**Spatial localization data**:
○ ○ ○ ○ ○
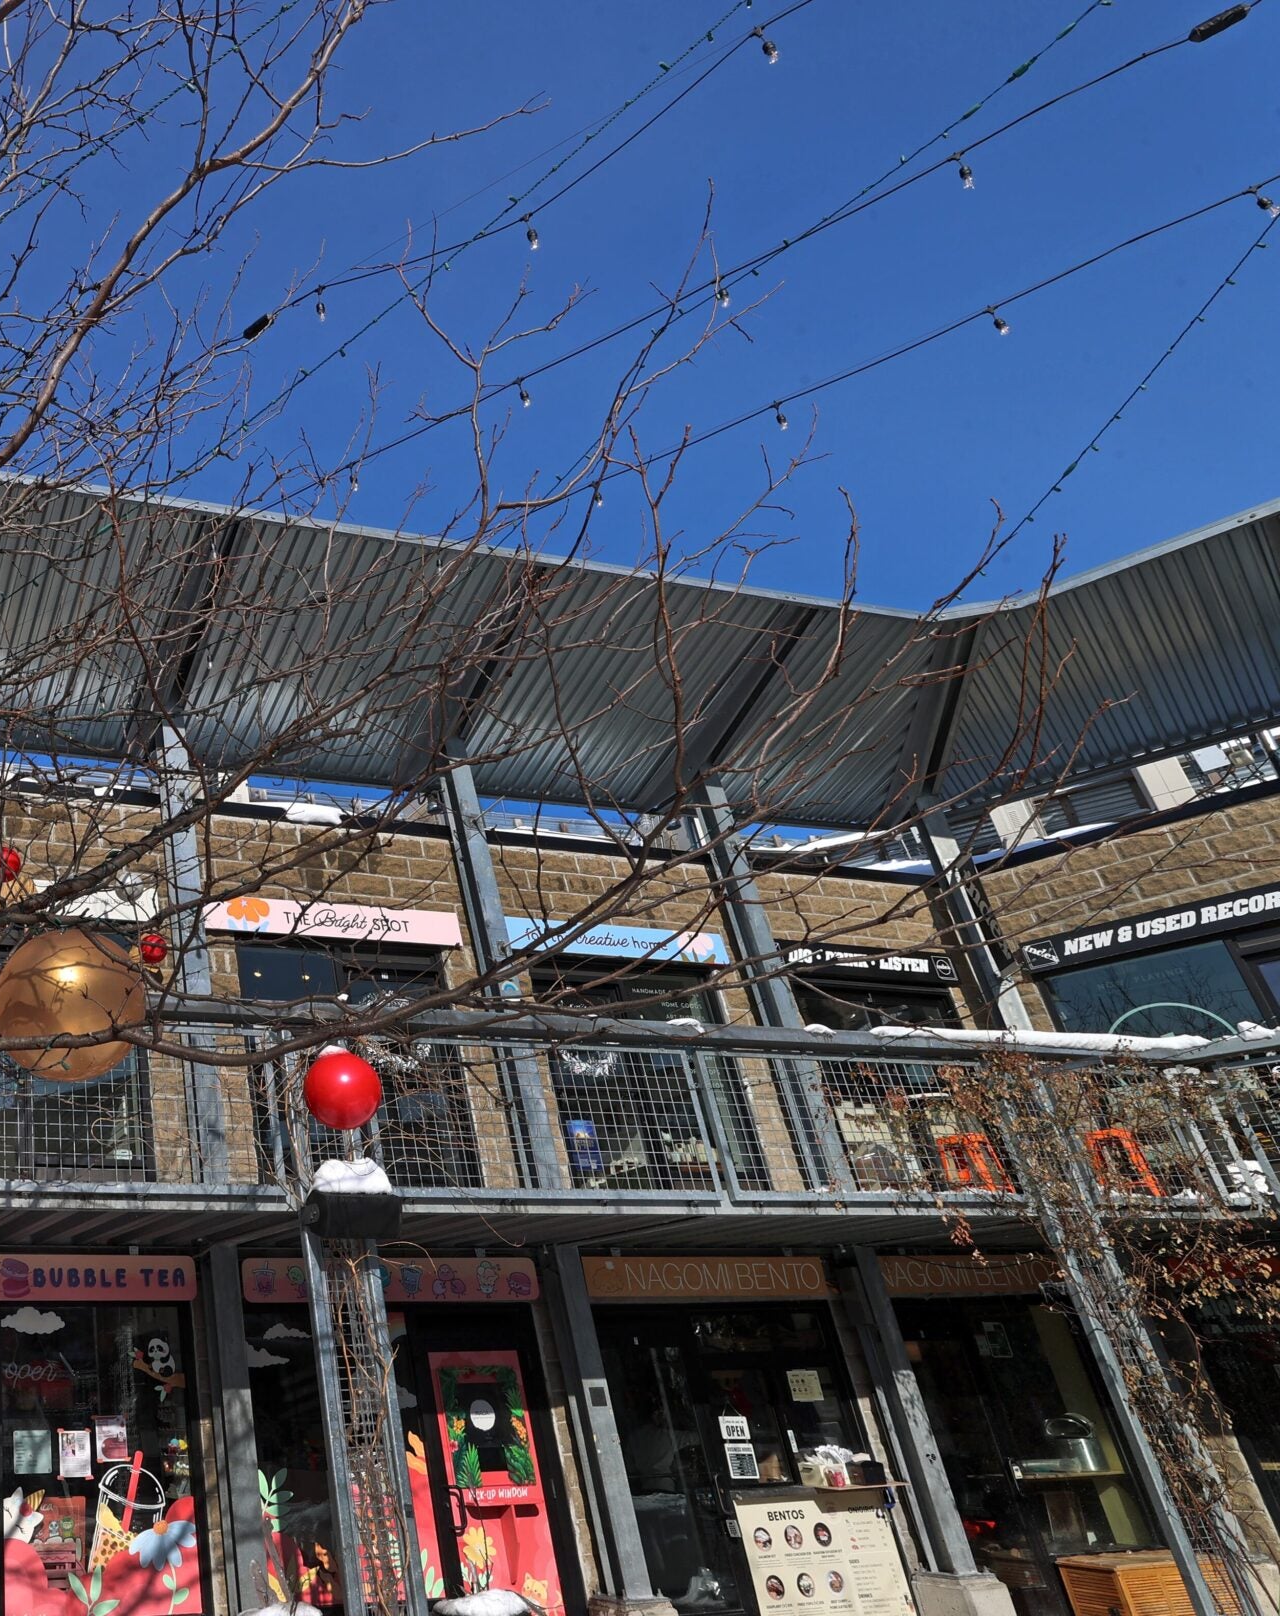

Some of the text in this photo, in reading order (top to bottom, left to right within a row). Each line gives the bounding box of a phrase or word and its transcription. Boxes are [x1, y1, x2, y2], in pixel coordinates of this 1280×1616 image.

[283, 909, 410, 933] THE Bright SHOT
[576, 931, 630, 948] creative
[1063, 930, 1115, 956] NEW
[1118, 925, 1133, 943] &
[1136, 911, 1196, 939] USED
[879, 956, 930, 974] LISTEN
[31, 1267, 128, 1288] BUBBLE
[140, 1267, 187, 1288] TEA
[624, 1263, 820, 1290] NAGOMI BENTO
[972, 1260, 1051, 1287] BENTO
[4, 1361, 57, 1388] open
[725, 1425, 746, 1437] OPEN
[498, 1486, 528, 1499] WINDOW
[767, 1510, 805, 1521] BENTOS
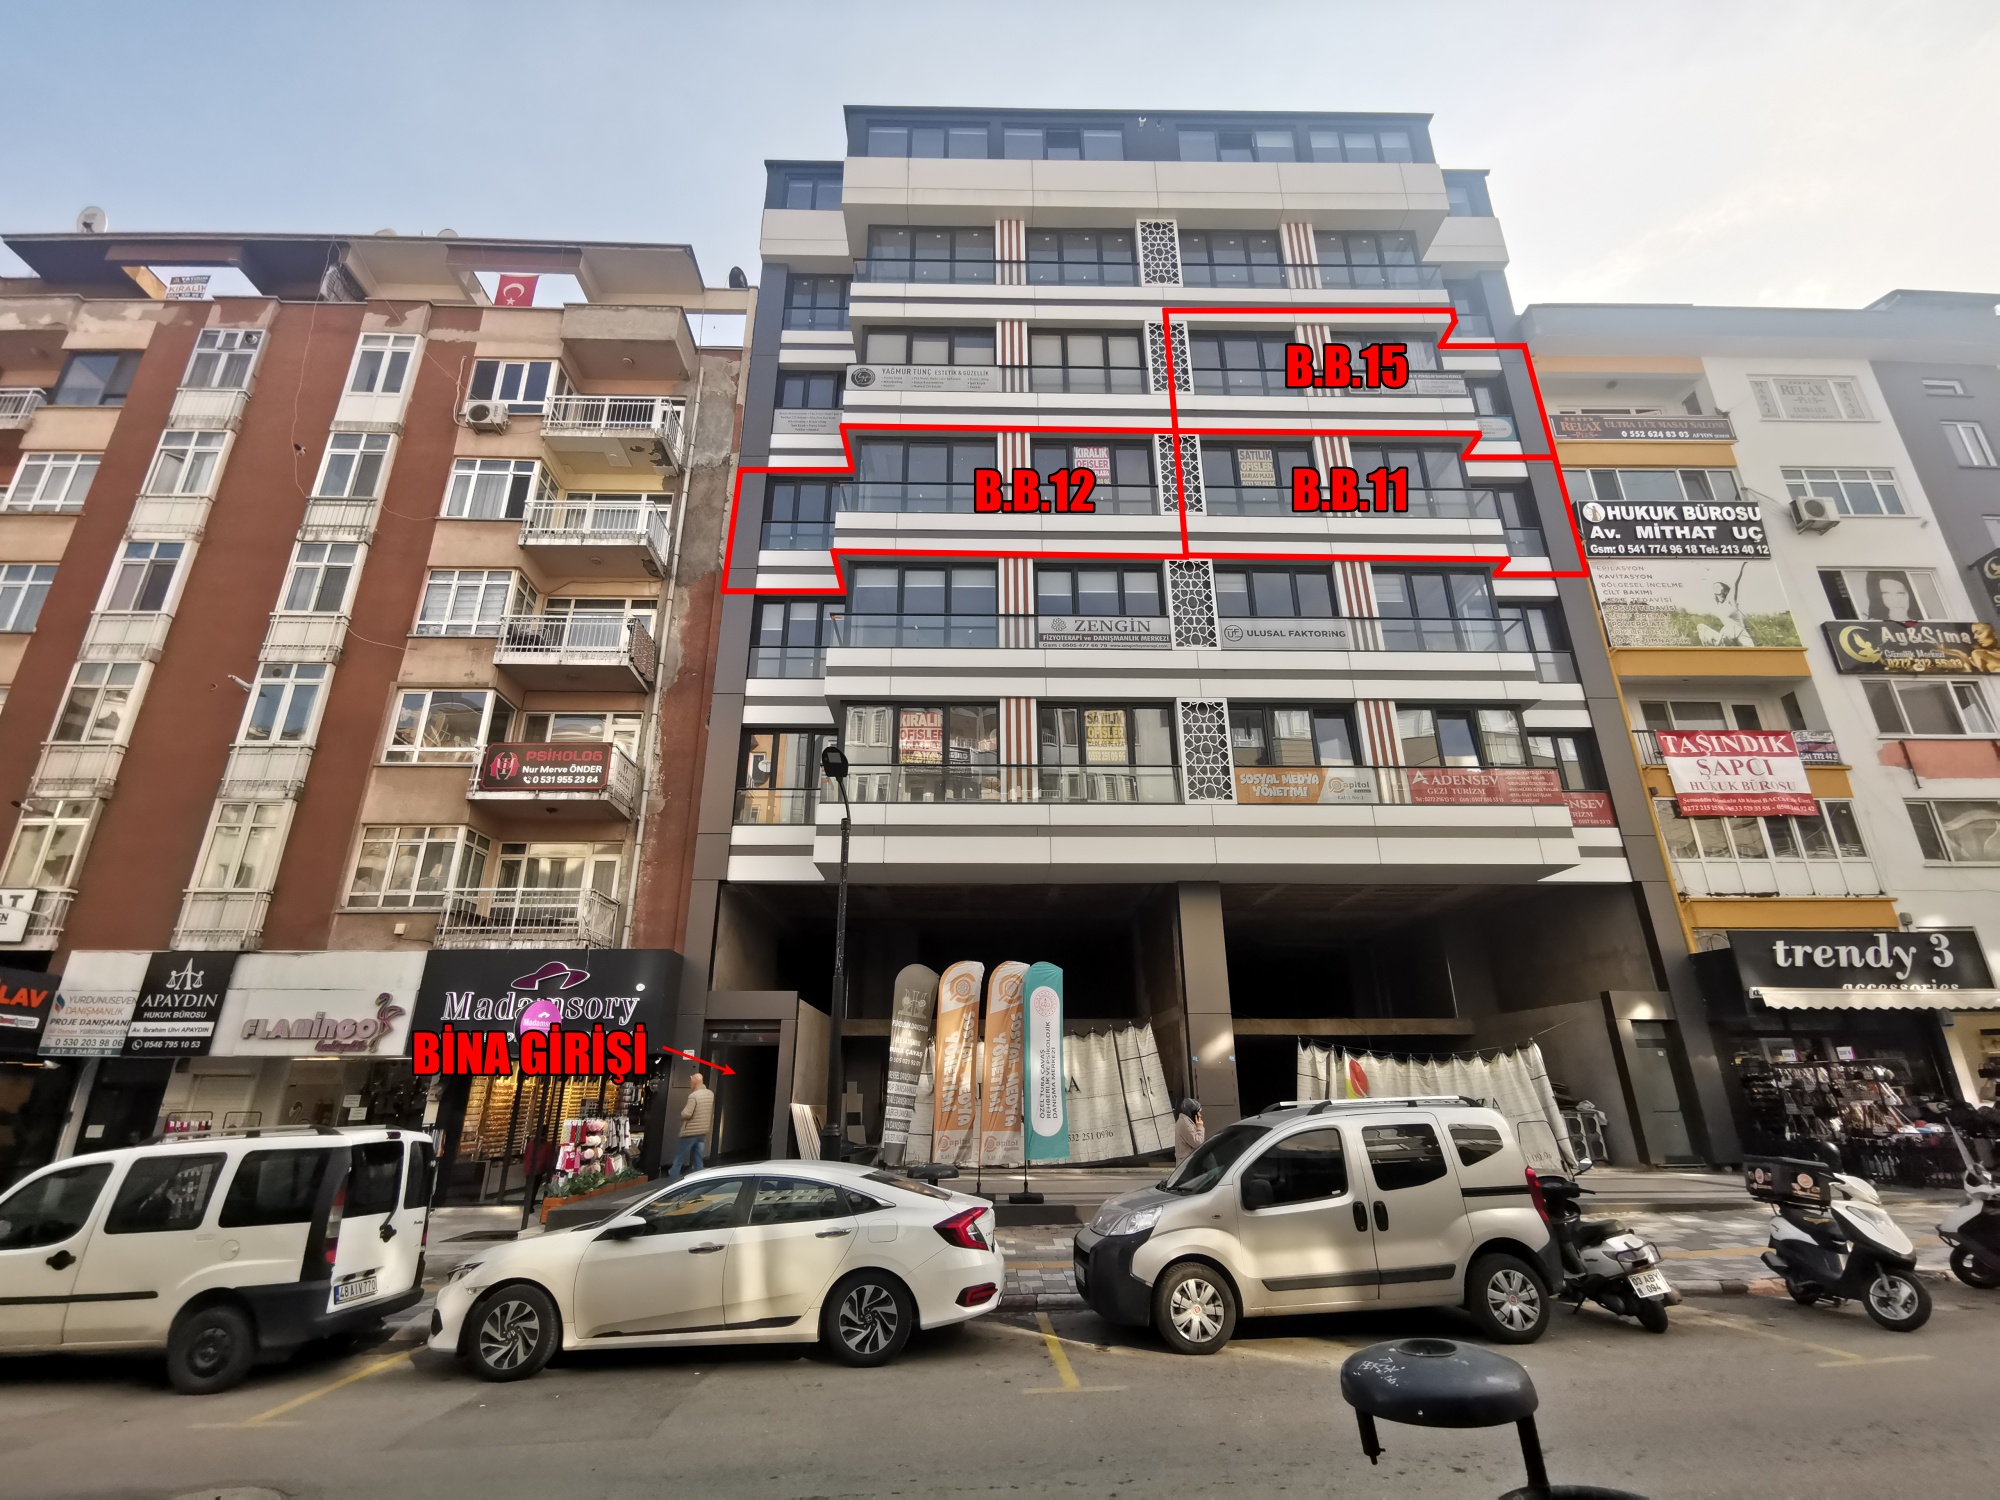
○ ○ ○ ○ ○
**What you are asked to do**:
Return the entries above in full and unchanged, omitting every image.

**Answer to the problem**:
Some of the text in this photo, in reading order (top to bottom, left to right within a row). Each line gives the bounding box of a phrase or word and its transcription. Boxes are [x1, y1, x2, y2], in pixel coordinates of this 1280×1616 image.

[283, 909, 410, 933] THE Bright SHOT
[576, 931, 630, 948] creative
[1063, 930, 1115, 956] NEW
[1118, 925, 1133, 943] &
[1136, 911, 1196, 939] USED
[879, 956, 930, 974] LISTEN
[31, 1267, 128, 1288] BUBBLE
[140, 1267, 187, 1288] TEA
[624, 1263, 820, 1290] NAGOMI BENTO
[972, 1260, 1051, 1287] BENTO
[4, 1361, 57, 1388] open
[725, 1425, 746, 1437] OPEN
[498, 1486, 528, 1499] WINDOW
[767, 1510, 805, 1521] BENTOS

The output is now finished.